O Lord, our heavenly Father, almighty and everlasting God, You have safely brought us to the beginning of this day. Defend us in the same with Your mighty power and grant that this day we fall into no sin, neither run into any kind of danger, but that all our doings, being ordered by YOur governance, may be righteous in Your sight, through Jesus Christ our Lord, who lives... (LSB p. 228)
According to L. Reed, this prayer was found originally in the Gelasian Sacramentary, a predecessor to the Gregorian Sacramentary. Reed also connects this prayer with one attributed to St. Basil in the Eastern Rite First Hour.
Here is a prayer from the end of the
First Hour from the Horologion:
Thou Who at all times and at every hour, in heaven and on earth, art worshipped and glorified, O Christ God, Who art long-suffering, plenteous in mercy, most compassionate, Who lovest the righteous and hast mercy on sinners; Who callest all men to salvation through the promise of good things to come: Receive, O Lord, our prayers at this hour, and guide our life toward Thy commandments. Sanctify our souls, make chaste our bodies, correct our thoughts, purify our intentions, and deliver us from every sorrow, evil, and pain. Compass us about with Thy holy angels, that, guarded and guided by their array, we may attain to the unity of the faith and to the knowledge of Thine unapproachable glory: For blessed art Thou unto the ages of ages. Amen.
I don't know if this is the prayer Reed had in mind. Obviously these are parallel prayers, but not the same. Note, however the emphasis on our sin and the goodness and mercy of God in this Eastern prayer. This is a feature common to many of the prayers of the Eastern Liturgy of the Hours (aka the Daily Office, or Matins, Vespers, etc.). Add to this the near-continual refrain "Kyrie eleison" throughout Liturgy of the Hours and you get an overwhelming prayer of repentance and faith; there is a saying that the Orthodox find something good to say or do, then they do it three times...or forty.

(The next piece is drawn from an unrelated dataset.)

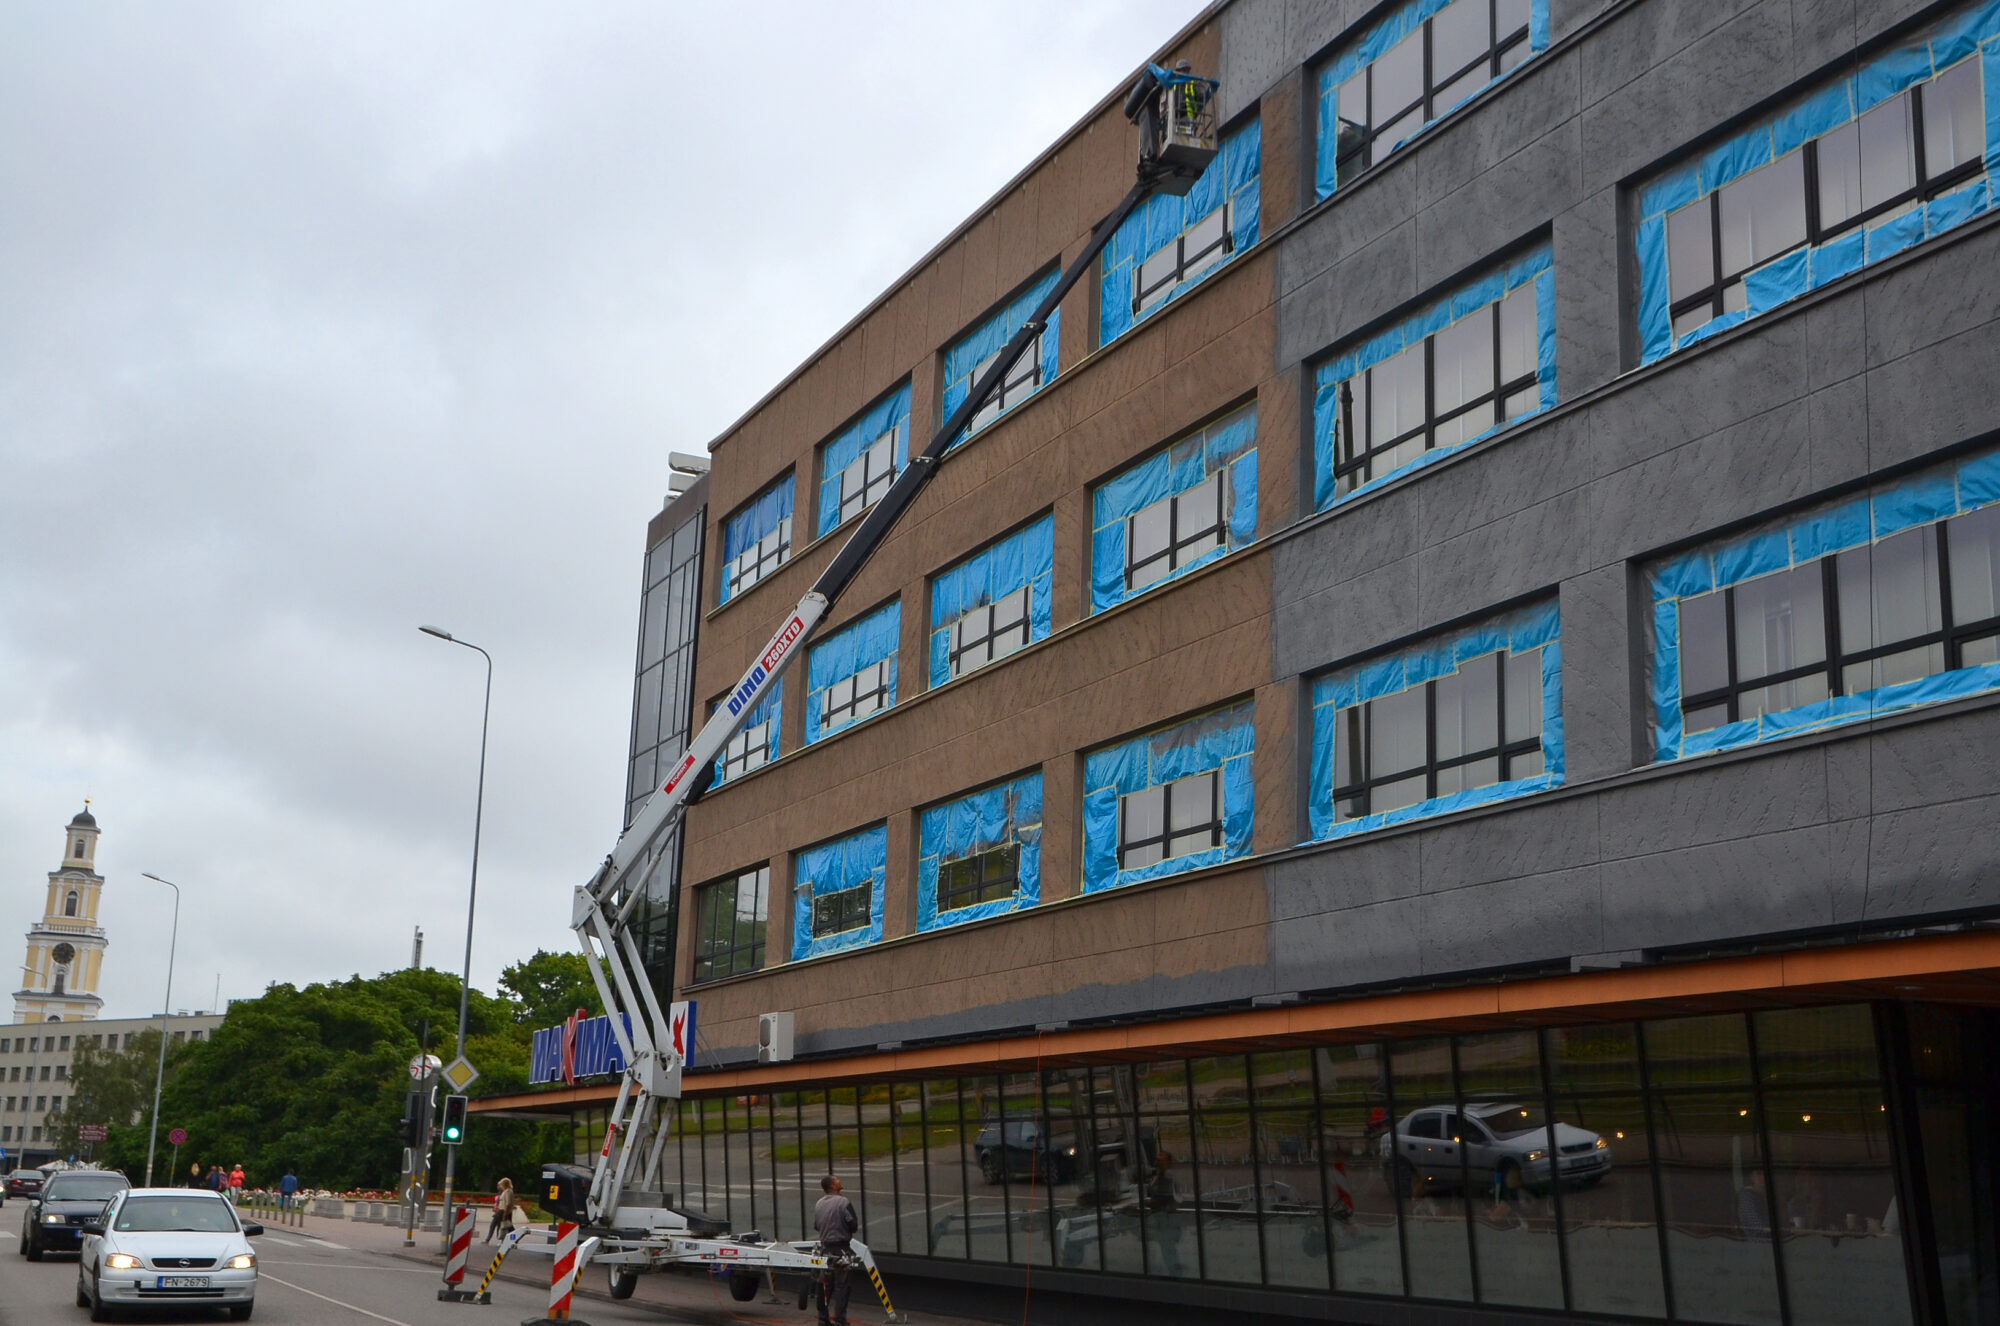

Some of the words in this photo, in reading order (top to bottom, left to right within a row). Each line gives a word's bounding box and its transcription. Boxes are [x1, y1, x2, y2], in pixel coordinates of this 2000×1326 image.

[727, 666, 766, 717] DINO
[765, 621, 801, 669] 260XTD
[529, 1008, 634, 1086] MAXIMA

But praying that we not sin this day strikes me as at once humble and bold. It is bold. How dare we desire such a thing? How could this possibly be, to live an entire day sin-free? Is this a
realistic prayer?
Such is it a prayer of humility, for it is unrealistic for us. We sin by "thought, word, and deed," or as the Orthodox pray, we ask God to "sanctify our souls, make chaste our bodies, correct our thoughts, purify our intentions, and deliver us from every sorrow, evil, and pain." So in humility it is our prayer that God would give us such grace as to accomplish this, for we are weak and indolent. It is only our Master that may grant such grace and strength.
But again, is it realistic? The pragmatists in us deny it, and if we are pragmatic, there's no use in doing something, trying something, that cannot be done. To this there is only one response: would you pray the opposite? Would you pray that God would grant us to fall into sin? God forbid! Here our pragmatism must die to Christian hope and faith. Lord may it be so!